EXERCISE INSTRUCTIONS:
What is needed is an exact copy of the entries below, with the pictures left out.

** RECORD EXTRACTS follows **

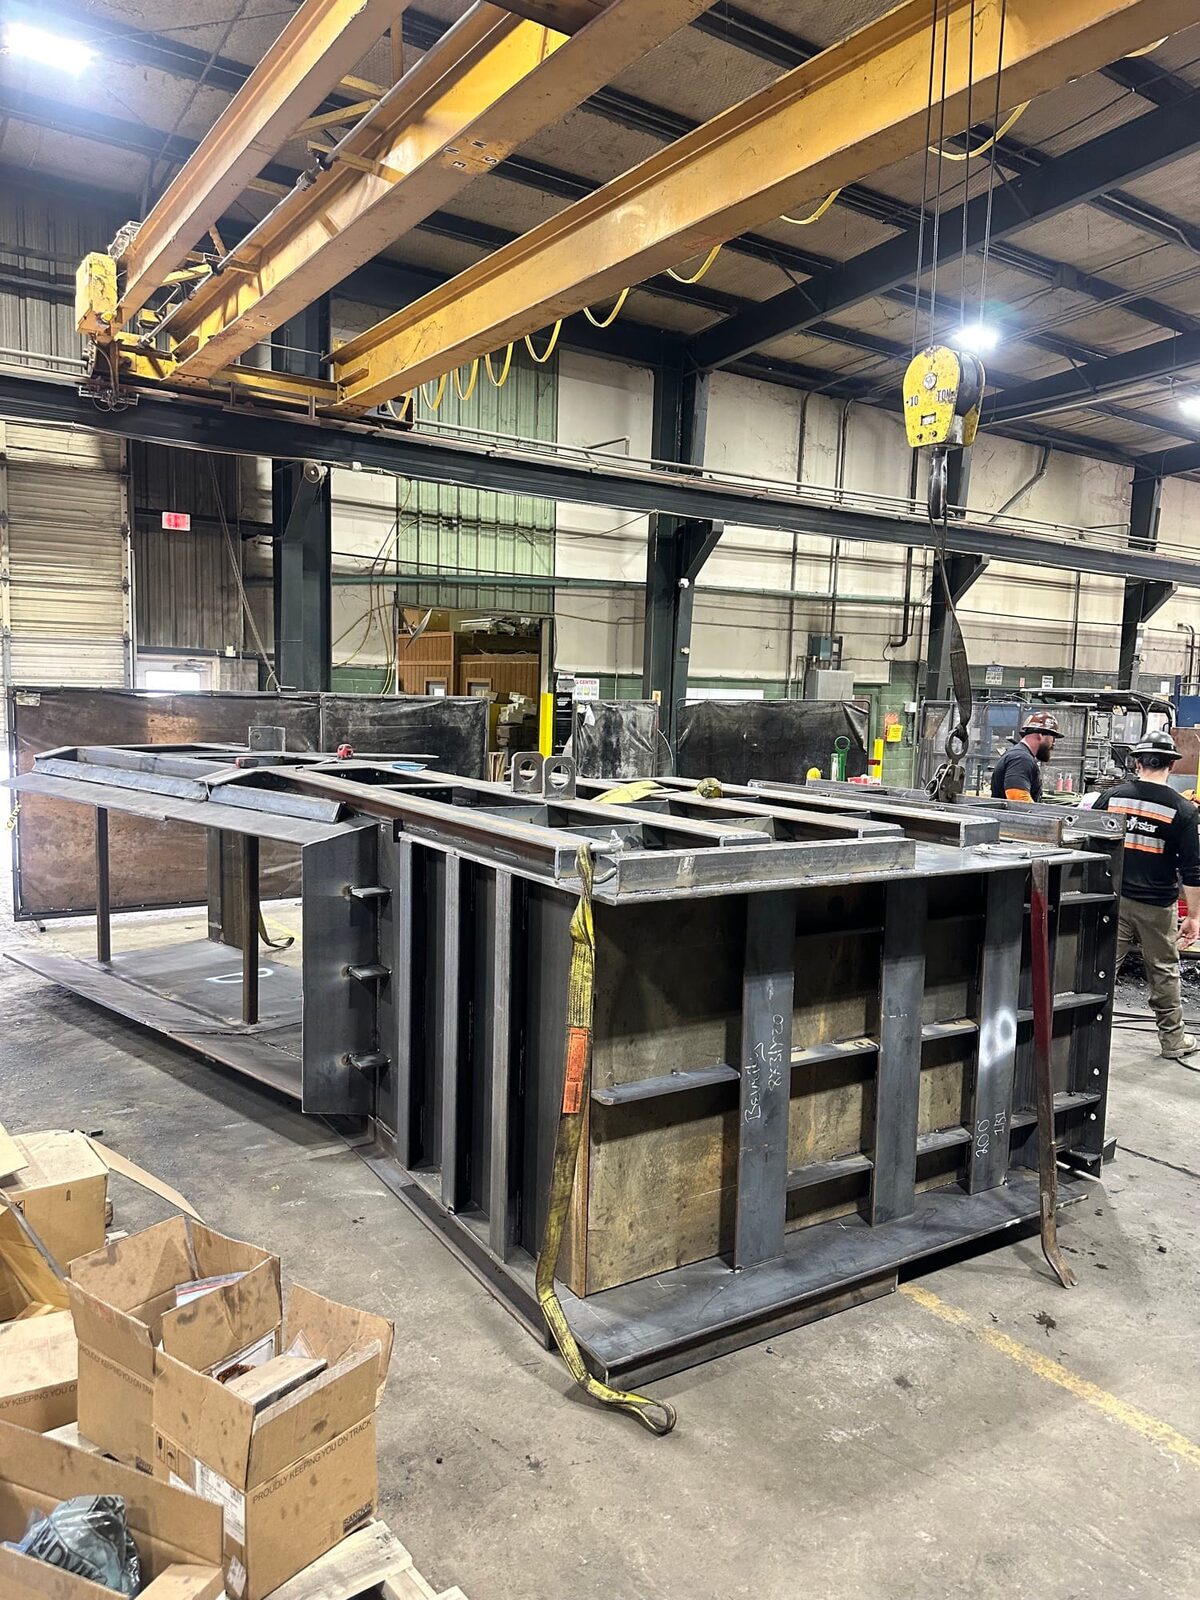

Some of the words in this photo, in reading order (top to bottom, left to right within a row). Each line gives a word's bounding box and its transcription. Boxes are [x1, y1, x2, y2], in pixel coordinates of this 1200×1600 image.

[910, 395, 919, 407] 10
[12, 1391, 49, 1407] KEEPING
[50, 1386, 68, 1398] YOU
[252, 1473, 289, 1504] PROUDLY
[289, 1453, 321, 1480] KEEPING
[321, 1440, 337, 1458] YOU
[337, 1434, 349, 1447] ON
[349, 1418, 372, 1440] TRACK

** End of RECORD EXTRACTS **

ANSWER FOR THE TASK:
Some of the words in this photo, in reading order (top to bottom, left to right within a row). Each line gives a word's bounding box and its transcription. Boxes are [x1, y1, x2, y2], in pixel coordinates of this 1200×1600 image.

[910, 395, 919, 407] 10
[12, 1391, 49, 1407] KEEPING
[50, 1386, 68, 1398] YOU
[252, 1473, 289, 1504] PROUDLY
[289, 1453, 321, 1480] KEEPING
[321, 1440, 337, 1458] YOU
[337, 1434, 349, 1447] ON
[349, 1418, 372, 1440] TRACK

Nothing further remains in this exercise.